[Record extracts — start]

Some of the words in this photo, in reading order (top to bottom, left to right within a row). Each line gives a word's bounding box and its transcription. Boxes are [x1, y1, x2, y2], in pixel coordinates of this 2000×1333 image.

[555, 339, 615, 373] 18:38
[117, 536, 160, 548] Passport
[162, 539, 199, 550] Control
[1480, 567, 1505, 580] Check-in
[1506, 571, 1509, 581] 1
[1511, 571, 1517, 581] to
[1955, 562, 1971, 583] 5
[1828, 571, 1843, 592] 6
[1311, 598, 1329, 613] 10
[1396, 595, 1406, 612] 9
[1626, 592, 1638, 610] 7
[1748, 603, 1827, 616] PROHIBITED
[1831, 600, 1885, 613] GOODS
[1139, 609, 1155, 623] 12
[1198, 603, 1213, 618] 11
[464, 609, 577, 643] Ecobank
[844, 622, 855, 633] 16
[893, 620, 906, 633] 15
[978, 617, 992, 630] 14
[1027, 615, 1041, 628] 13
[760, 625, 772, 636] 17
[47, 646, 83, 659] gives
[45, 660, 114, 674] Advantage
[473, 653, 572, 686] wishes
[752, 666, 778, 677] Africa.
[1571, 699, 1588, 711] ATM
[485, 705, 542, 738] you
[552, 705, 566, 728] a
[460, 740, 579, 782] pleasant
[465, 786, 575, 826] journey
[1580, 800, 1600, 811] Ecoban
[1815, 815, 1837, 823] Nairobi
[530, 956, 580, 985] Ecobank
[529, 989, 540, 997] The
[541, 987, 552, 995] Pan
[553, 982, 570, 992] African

[Record extracts — finish]

▸ **Activity**: All lines of the data are to be repeated exactly as they stand.

▸ **Problem solution**:
Some of the words in this photo, in reading order (top to bottom, left to right within a row). Each line gives a word's bounding box and its transcription. Boxes are [x1, y1, x2, y2], in pixel coordinates of this 2000×1333 image.

[555, 339, 615, 373] 18:38
[117, 536, 160, 548] Passport
[162, 539, 199, 550] Control
[1480, 567, 1505, 580] Check-in
[1506, 571, 1509, 581] 1
[1511, 571, 1517, 581] to
[1955, 562, 1971, 583] 5
[1828, 571, 1843, 592] 6
[1311, 598, 1329, 613] 10
[1396, 595, 1406, 612] 9
[1626, 592, 1638, 610] 7
[1748, 603, 1827, 616] PROHIBITED
[1831, 600, 1885, 613] GOODS
[1139, 609, 1155, 623] 12
[1198, 603, 1213, 618] 11
[464, 609, 577, 643] Ecobank
[844, 622, 855, 633] 16
[893, 620, 906, 633] 15
[978, 617, 992, 630] 14
[1027, 615, 1041, 628] 13
[760, 625, 772, 636] 17
[47, 646, 83, 659] gives
[45, 660, 114, 674] Advantage
[473, 653, 572, 686] wishes
[752, 666, 778, 677] Africa.
[1571, 699, 1588, 711] ATM
[485, 705, 542, 738] you
[552, 705, 566, 728] a
[460, 740, 579, 782] pleasant
[465, 786, 575, 826] journey
[1580, 800, 1600, 811] Ecoban
[1815, 815, 1837, 823] Nairobi
[530, 956, 580, 985] Ecobank
[529, 989, 540, 997] The
[541, 987, 552, 995] Pan
[553, 982, 570, 992] African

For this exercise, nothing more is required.